11. For monetary sanctions in the amount of $17,415 as a result of Jade Lotus' fabricated documents intended to mislead and render impossible determination of the potential class size and scope;
12. For monetary sanctions in the amount of$12,375 as a result of Lotus' Person Most Knowledgeable's perjured and misleading deposition testimony intended to mislead and render impossible determination of the potential class size and scope;
13. For monetary sanctions in the amount of $6,210 as a result of past motions to extend class certification filing that Plaintiffs were forced to file;
14. For monetary sanctions in the amount of $9,225 as a result of past informal discovery motions Plaintiffs were forced to file or oppose;
15. For monetary sanctions in the amount of $57,480 as a result of Plaintiffs having been forced to file the instant sanctions motion to remedy the harm and prejudice caused by Defendant's effort to mislead and render impossible determination of the potential class size and scope;
16. For an order continuing the class certification filing deadline, currently March 11, 2019, to July 15, 2019.

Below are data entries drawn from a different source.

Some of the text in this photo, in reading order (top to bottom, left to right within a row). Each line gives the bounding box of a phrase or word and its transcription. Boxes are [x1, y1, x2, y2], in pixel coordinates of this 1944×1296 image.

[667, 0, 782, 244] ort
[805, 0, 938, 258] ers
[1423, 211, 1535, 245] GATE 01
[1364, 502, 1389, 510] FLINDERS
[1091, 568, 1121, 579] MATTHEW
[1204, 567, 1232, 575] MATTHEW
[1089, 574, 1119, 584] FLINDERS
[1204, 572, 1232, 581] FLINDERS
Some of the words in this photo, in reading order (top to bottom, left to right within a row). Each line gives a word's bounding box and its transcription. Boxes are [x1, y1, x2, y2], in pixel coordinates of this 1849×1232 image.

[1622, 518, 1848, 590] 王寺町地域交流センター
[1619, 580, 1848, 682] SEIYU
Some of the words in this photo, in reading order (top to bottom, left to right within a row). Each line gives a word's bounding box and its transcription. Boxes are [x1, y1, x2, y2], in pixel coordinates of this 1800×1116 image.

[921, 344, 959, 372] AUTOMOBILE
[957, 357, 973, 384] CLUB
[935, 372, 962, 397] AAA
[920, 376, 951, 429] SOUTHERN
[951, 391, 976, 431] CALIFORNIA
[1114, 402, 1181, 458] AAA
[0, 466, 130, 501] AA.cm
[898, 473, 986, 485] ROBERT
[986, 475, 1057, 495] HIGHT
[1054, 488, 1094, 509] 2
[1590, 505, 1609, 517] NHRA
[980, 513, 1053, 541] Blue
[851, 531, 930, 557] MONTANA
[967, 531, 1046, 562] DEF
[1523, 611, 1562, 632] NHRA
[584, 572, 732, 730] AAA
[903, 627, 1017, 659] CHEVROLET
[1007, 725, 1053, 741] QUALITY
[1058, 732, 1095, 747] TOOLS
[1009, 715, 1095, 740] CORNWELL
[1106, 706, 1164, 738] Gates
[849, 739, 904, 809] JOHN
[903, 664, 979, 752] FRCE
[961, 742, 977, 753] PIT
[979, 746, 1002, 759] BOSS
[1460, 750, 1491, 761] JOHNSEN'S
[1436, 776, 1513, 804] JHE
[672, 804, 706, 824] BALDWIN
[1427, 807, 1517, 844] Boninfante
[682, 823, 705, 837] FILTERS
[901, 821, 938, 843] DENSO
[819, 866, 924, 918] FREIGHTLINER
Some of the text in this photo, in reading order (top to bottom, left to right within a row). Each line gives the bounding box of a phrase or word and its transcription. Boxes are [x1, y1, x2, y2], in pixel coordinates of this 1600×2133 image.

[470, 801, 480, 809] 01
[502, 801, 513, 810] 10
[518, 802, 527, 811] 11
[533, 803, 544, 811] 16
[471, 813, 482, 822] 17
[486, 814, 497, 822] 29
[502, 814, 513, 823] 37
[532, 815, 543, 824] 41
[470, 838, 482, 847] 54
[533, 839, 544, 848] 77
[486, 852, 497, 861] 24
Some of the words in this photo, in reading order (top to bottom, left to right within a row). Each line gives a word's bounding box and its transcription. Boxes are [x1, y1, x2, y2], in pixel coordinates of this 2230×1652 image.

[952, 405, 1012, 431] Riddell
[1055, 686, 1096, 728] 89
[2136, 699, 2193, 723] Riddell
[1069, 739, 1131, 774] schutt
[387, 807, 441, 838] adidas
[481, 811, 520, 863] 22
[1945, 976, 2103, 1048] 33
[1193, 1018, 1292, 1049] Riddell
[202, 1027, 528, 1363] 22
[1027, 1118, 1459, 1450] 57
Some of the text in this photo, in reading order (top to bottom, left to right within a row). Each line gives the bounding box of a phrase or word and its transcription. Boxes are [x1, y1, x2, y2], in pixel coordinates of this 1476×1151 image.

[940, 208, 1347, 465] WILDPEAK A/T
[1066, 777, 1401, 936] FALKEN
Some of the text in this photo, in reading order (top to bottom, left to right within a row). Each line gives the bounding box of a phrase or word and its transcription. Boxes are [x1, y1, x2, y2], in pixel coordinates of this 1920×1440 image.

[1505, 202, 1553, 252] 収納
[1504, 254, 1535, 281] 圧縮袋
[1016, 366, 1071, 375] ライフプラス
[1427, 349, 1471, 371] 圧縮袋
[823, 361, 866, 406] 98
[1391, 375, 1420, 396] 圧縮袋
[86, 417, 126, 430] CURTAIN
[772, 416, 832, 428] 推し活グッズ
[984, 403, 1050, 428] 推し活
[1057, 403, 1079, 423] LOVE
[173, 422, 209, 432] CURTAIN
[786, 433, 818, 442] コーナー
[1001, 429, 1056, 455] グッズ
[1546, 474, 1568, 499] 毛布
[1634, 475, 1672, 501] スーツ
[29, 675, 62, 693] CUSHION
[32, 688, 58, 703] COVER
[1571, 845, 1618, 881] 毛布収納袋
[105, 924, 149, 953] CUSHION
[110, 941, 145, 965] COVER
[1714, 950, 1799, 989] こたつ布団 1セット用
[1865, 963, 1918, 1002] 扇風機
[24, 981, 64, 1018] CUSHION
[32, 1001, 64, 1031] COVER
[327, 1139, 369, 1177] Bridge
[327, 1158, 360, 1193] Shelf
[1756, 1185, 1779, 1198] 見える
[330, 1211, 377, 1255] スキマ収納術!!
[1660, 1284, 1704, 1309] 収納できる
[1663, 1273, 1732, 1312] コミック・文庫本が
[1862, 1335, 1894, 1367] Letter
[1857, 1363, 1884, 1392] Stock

(Mot., Docket No. 91 at ii–iii.) Alternatively, Plaintiffs seek the following:
17. For an order that Jade Lotus produce all unredacted customer sales invoices between August 2015 and present;
18. For an order that Jade Lotus produce all unredacted vendor purchase invoices from World's Choice Products, Inc. and Skin Science LLC between August 2015 and present;
19. For an order that Jade Lotus produce all computers, laptops, hard drives and external storage drives used since August 2015 to present;
20. For an order that Jade Lotus produce all company financial information stored off-site, on-line or “in the cloud”;
*4 21. For an order that Jade Lotus produce its entire Quick Books file(s) from August 2015 to present;
22. For an order that Jade Lotus produce its filed Federal and State tax returns and all Schedules for years 2015, 2016, 2017 and 2018; and/or
23. For any other order which the Court deems fair and just.
(Id. at iii–iv.)
Spoliation occurs when a party destroys, significantly alters, or fails to preserve evidence in pending or reasonably foreseeable litigation. United States v. Kitsap Physicians Serv., 314 F.3d 995, 1001 (9th Cir. 2002). A party must “suspend any existing policies related to deleting or destroying files and preserve all relevant documents related to the litigation.” In re Napster, Inc. Copyright Litig., 462 F. Supp. 2d 1060, 1070 (N.D. Cal. 2006)(citation omitted).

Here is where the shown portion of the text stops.